A Mãe - Porque ele diz palavrão!
O Principezinho - Mas tu e o pai também dizem e eu sou amigo de vocês ...
A Mãe - Porque ele come de boca aberta!
O principezinho - Mas eu não vou ser amigo dele quando ele estiver comendo. É só quando ele estiver brincando.
A Mãe - Não pode ser amigo, já falei!!
O principezinho - Por queeeeeeÊ??!
A Mãe - Porque ele solta "pum", pronto. Ele solta "pum" na frente de todo mundo.
Acabou. Soltar "pum" na frente dos outros era demais. Ele era um pouco mais que um bixo, parafraseando um grande amigo. Era o limite. Estava feita a negativa da amizade e sustentada com sólido argumento. Ou melhor, gasoso argumento.
Depois o "pum" virou traque. Que virou "cheiroso". Que virou peido e que, mais recentemente, virou flato. Sem, contudo, mudar de essência. Fétida e discriminante em termos sociais. No colégio, segundo grau:
O Colega - Nossa!!! Professor peidaram aqui!! Não dá para aguentar ... vou sair da sala!
O Professor - Não vai não! Quem peidou?
O Colega - Foi ele!
O Príncipe - Não foi eu não! Pára!
O Colega - Foi sim, tá horrível professor. Vou sair!
O Professor - Não vai sozinho. Vão os dois. Quem peidou e quem faz escândalo!!
O Príncipe - Não fui eu!! Tô falando!
O Professor - Não interessa. Fora da sala. Expliquem pra direção depois ...
Justo pelo motivo e injusto porque eu não havia peidado. Sedimentava-se o conceito de ostracismo social através do traque. Meu conceito fechava-se. Peido era motivo de banimento social, ou seja, nunca peide em público. Registrado.
Recentemente os fatos foram outros:
Wally - Foi tu que peidou?
LA - Fui.
Wally - A tá. É que eu ia sair ali para a área para fazer isso ... para não incomodar vocês.
LA - Não precisa não. Faz aí mesmo, não tem problema. É tudo amigo mesmo.
O Príncipe - (boquiaberto assistindo a cena)

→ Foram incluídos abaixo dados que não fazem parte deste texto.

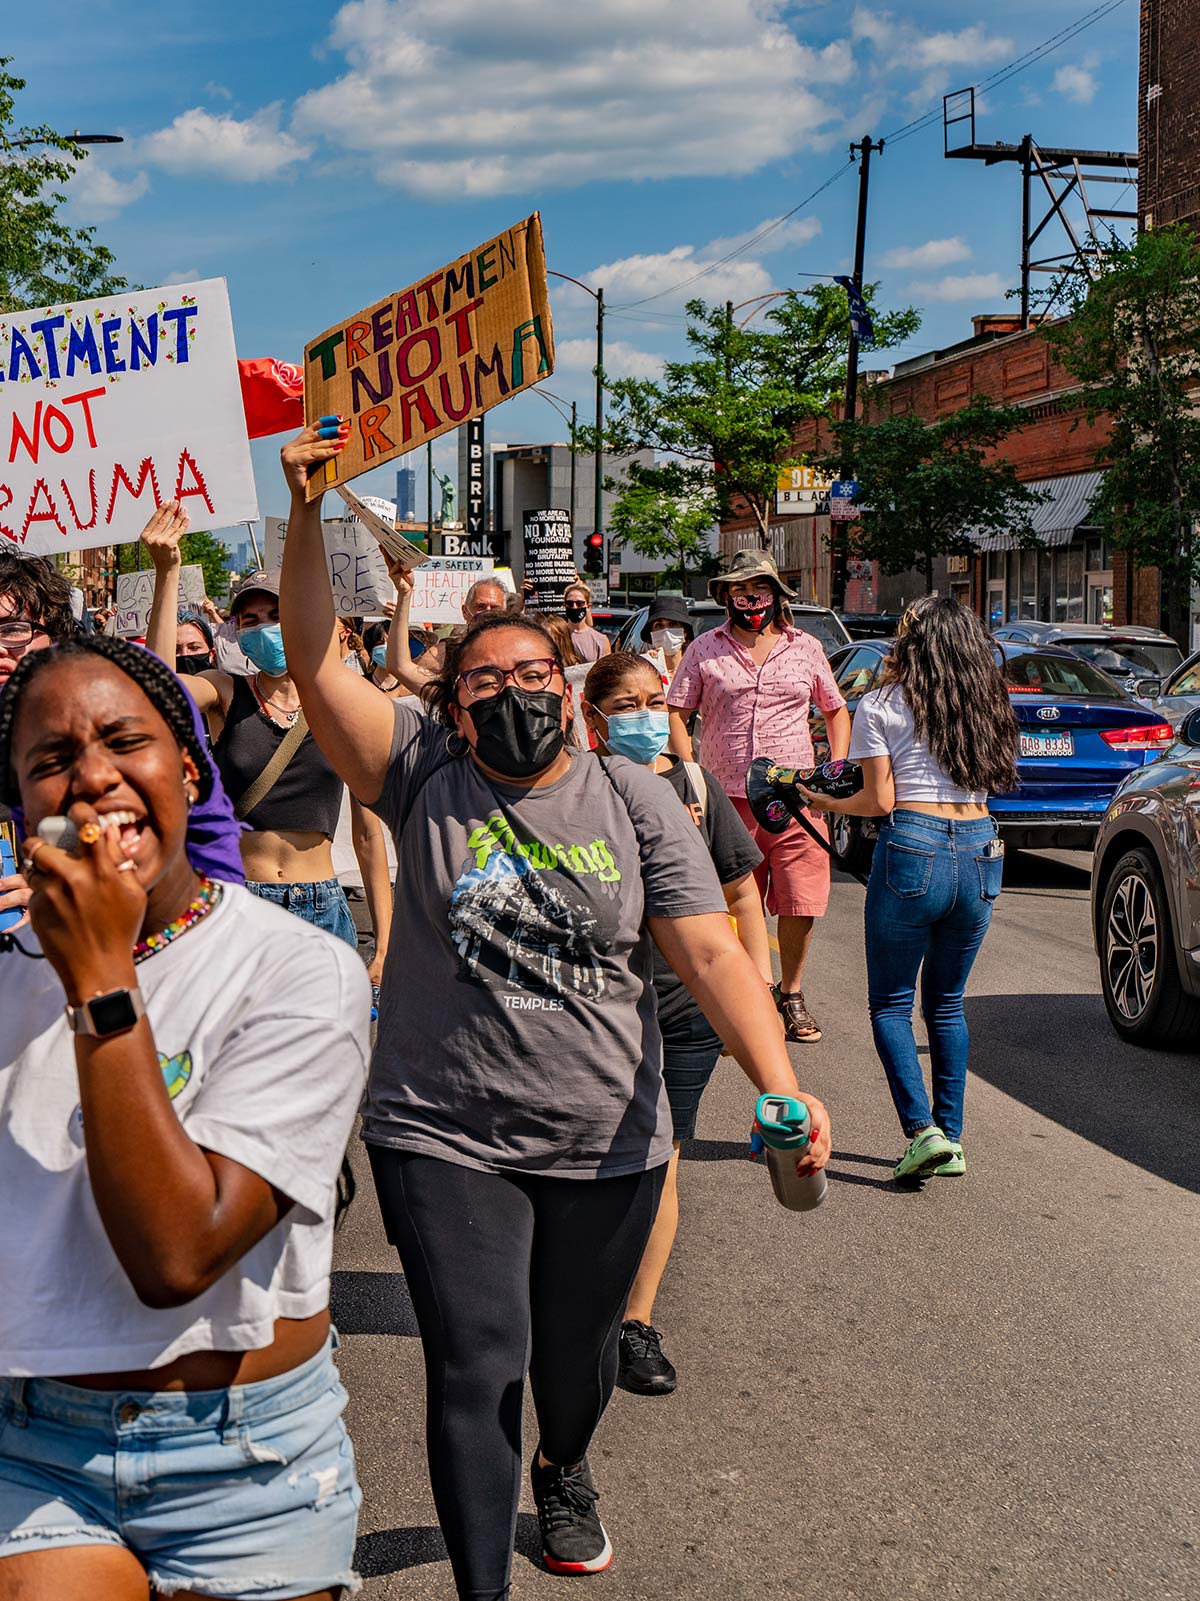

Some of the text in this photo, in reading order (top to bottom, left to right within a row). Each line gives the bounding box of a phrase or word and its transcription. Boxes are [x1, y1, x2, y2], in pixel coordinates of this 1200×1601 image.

[350, 297, 484, 413] NOT
[7, 386, 107, 464] NOT
[470, 417, 482, 531] IBERTY
[524, 524, 539, 538] NO
[330, 552, 374, 594] RE
[445, 560, 482, 570] SAFETY
[425, 572, 476, 588] HEALTH
[411, 589, 436, 609] ISIS
[117, 611, 140, 629] NOT
[1045, 737, 1070, 751] 8335
[504, 995, 565, 1012] TEMPLES

Ou seja, o peido é sinônimo de amizade, de proximidade, de coleguismo, de aceitação!
Pior ... Na casa do meu sogro. Com cachorro, sogra, cunhados, periquitos, papagaios, a nona e tudo o mais que se tem direito, todos sentados na frente da TV, de repente:
A moça linda - ÔOO Pai!!!? (Depois de espremido estampido bundal)
O Sogro - O quê?? Foi o cachorro. (Com indisfarçável sarcasmo)
O cachorro - Au, au au. RRRRrrrrrr (Negando a pretensa obviedade da afirmação)
Todo mundo cai na risada, inclusive o sogro. Meu cunhado acompanha o pai na sinfonia número 0 em peido menor, soltando o seu também e me olham.
Indisfarçável a minha vergonha. Inafastável a pressão social pela aceitação. Os olhares ficaram grudados em mim até que com toda a força do meu abdôme consegui um, segundo analistas de plantão, "peidinho de véia".
Vencido, hoje peido tentando ser aceito socialmente ...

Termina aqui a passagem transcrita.